(ACTIVITY):
When you write out the listing, keep every word as it stands and drop the pictures.

'''

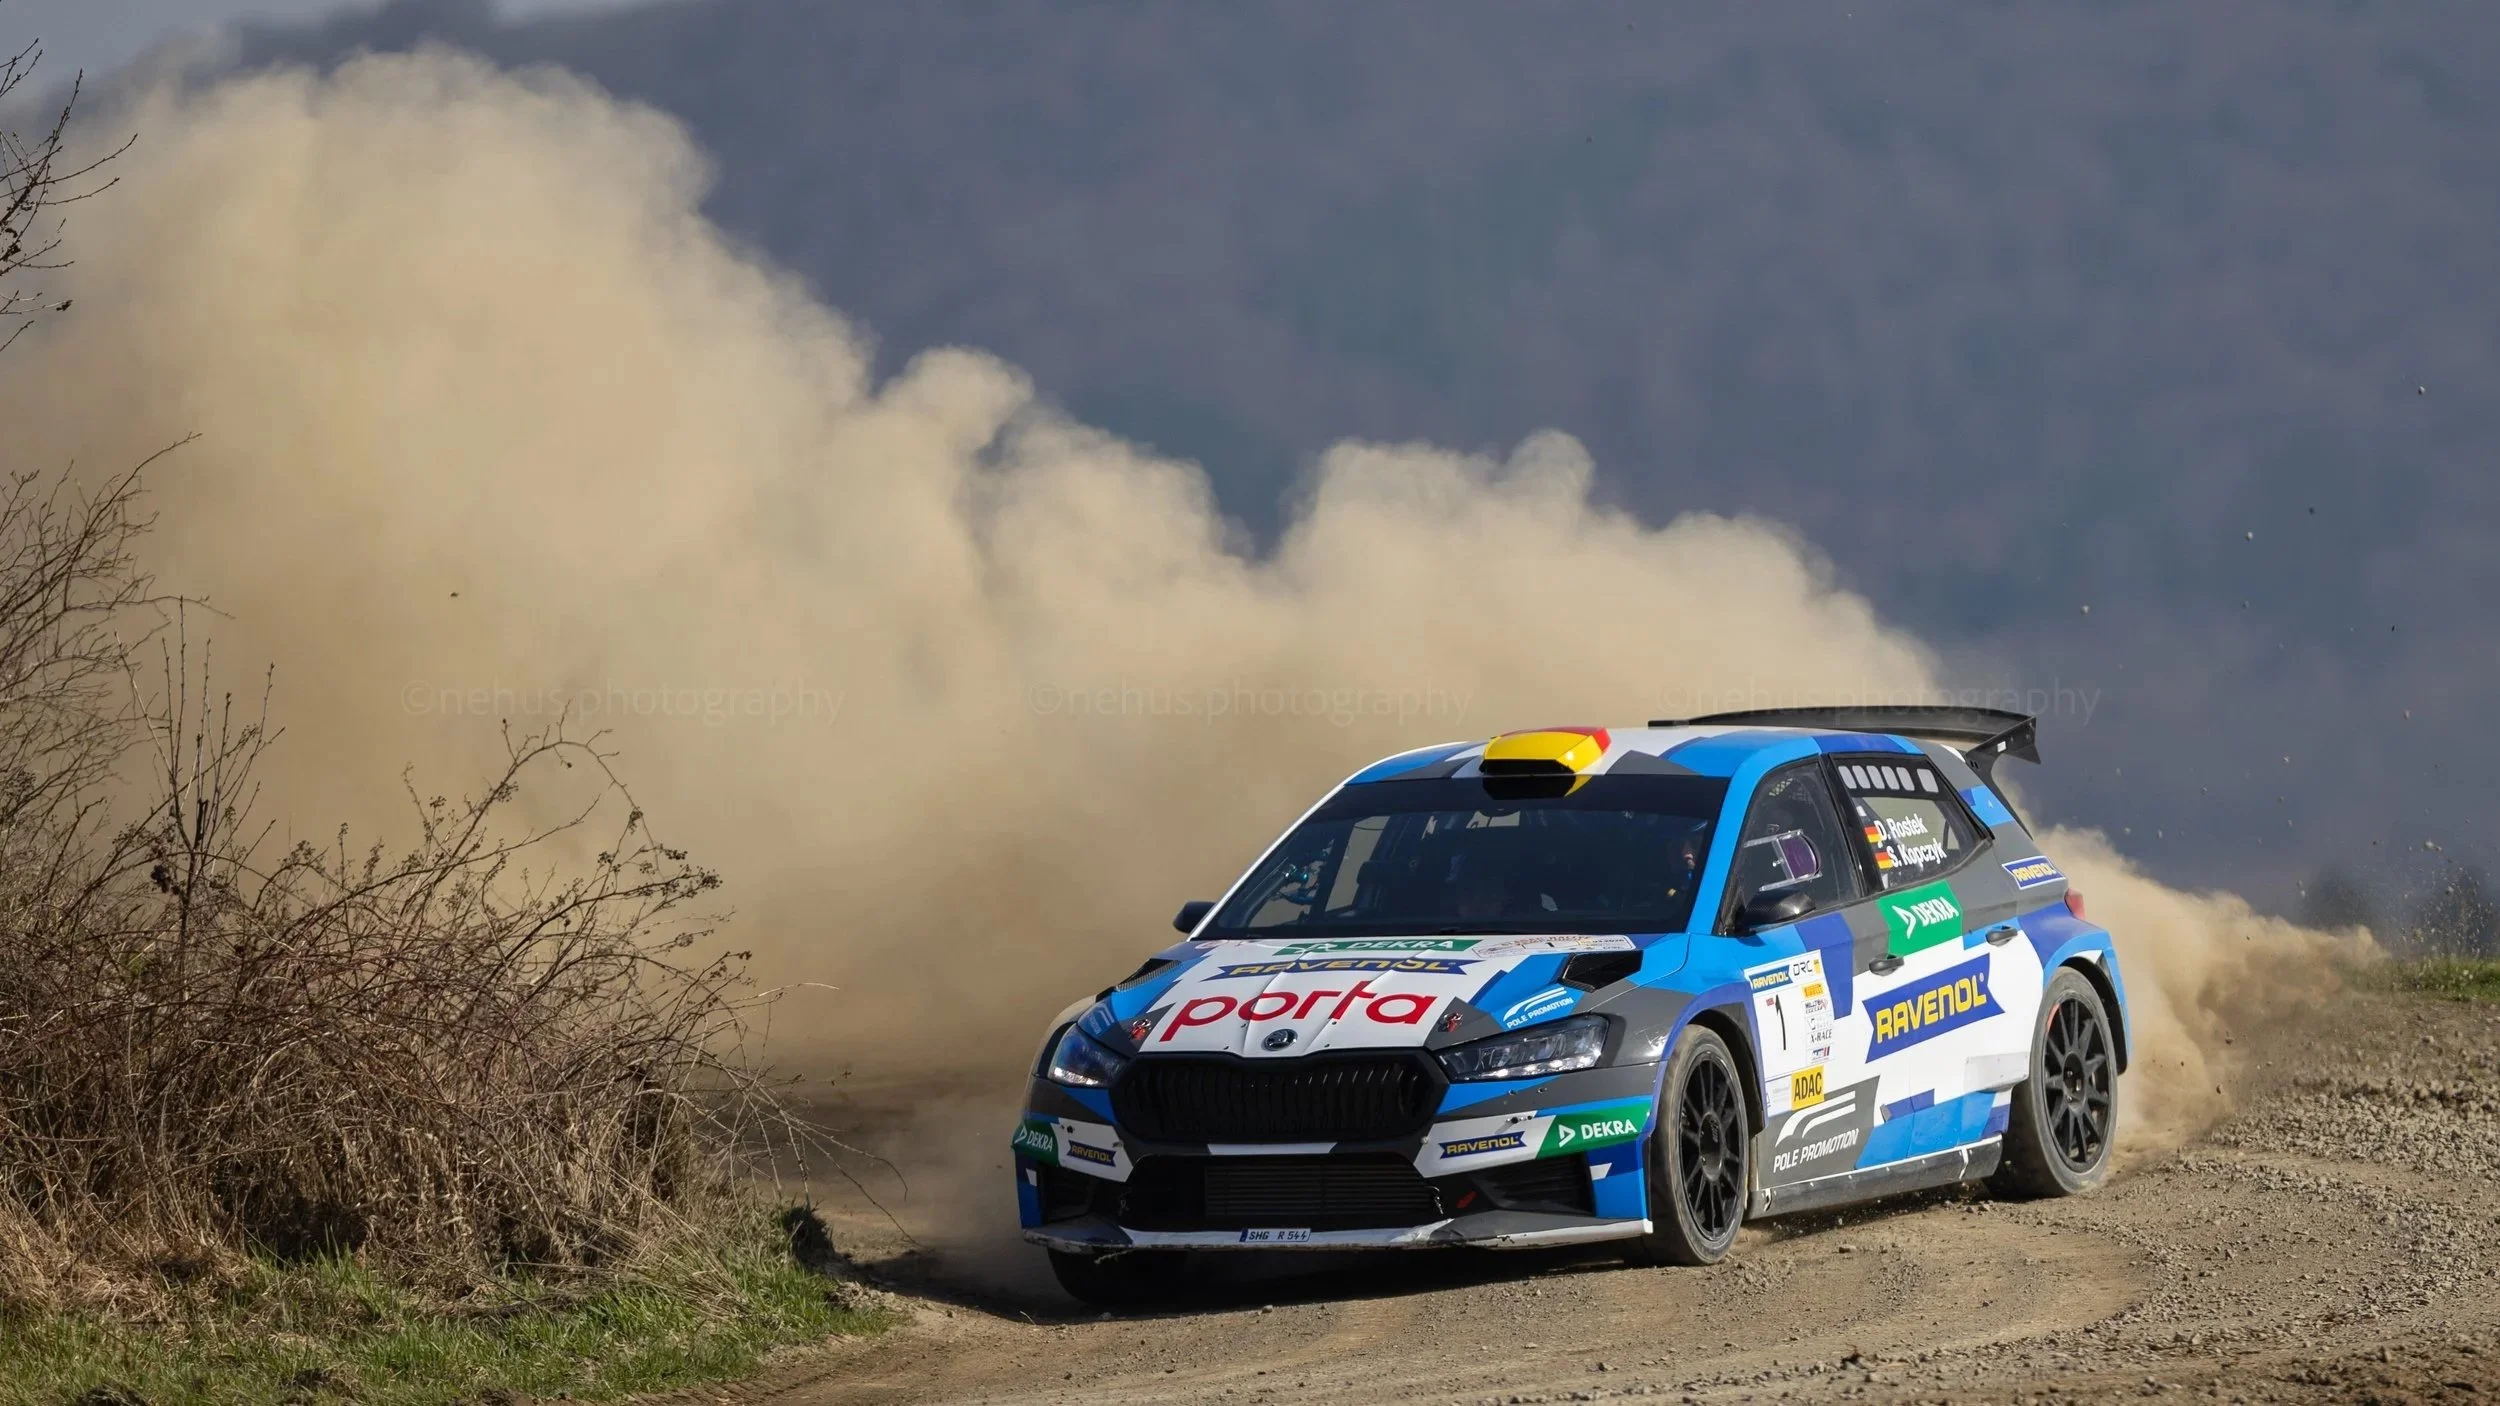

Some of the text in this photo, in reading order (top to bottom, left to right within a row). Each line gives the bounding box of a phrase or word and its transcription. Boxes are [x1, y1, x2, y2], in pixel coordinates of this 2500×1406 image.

[1873, 813, 1928, 841] D. Rostek
[1887, 838, 1948, 867] S. Kopczyk
[2011, 863, 2057, 881] RAVENOL
[1910, 897, 1959, 926] DEKRA
[1355, 940, 1455, 950] DEKRA
[1229, 958, 1451, 976] RAVENOL
[1752, 971, 1788, 989] RAVENOL
[1159, 980, 1438, 1042] porta
[1507, 997, 1574, 1028] POLE PROMOTION
[1775, 994, 1786, 1050] 1
[1876, 975, 1987, 1044] RAVENOL
[1794, 1072, 1822, 1101] ADAC
[1026, 1130, 1053, 1152] DEKRA
[1581, 1119, 1637, 1139] DEKRA
[1071, 1145, 1112, 1162] RAVENOL
[1446, 1136, 1518, 1154] RAVENOL
[1773, 1128, 1859, 1173] POLE PROMOTION
[1249, 1231, 1307, 1240] SHG R 544

'''

(RESULT):
Some of the text in this photo, in reading order (top to bottom, left to right within a row). Each line gives the bounding box of a phrase or word and its transcription. Boxes are [x1, y1, x2, y2], in pixel coordinates of this 2500×1406 image.

[1873, 813, 1928, 841] D. Rostek
[1887, 838, 1948, 867] S. Kopczyk
[2011, 863, 2057, 881] RAVENOL
[1910, 897, 1959, 926] DEKRA
[1355, 940, 1455, 950] DEKRA
[1229, 958, 1451, 976] RAVENOL
[1752, 971, 1788, 989] RAVENOL
[1159, 980, 1438, 1042] porta
[1507, 997, 1574, 1028] POLE PROMOTION
[1775, 994, 1786, 1050] 1
[1876, 975, 1987, 1044] RAVENOL
[1794, 1072, 1822, 1101] ADAC
[1026, 1130, 1053, 1152] DEKRA
[1581, 1119, 1637, 1139] DEKRA
[1071, 1145, 1112, 1162] RAVENOL
[1446, 1136, 1518, 1154] RAVENOL
[1773, 1128, 1859, 1173] POLE PROMOTION
[1249, 1231, 1307, 1240] SHG R 544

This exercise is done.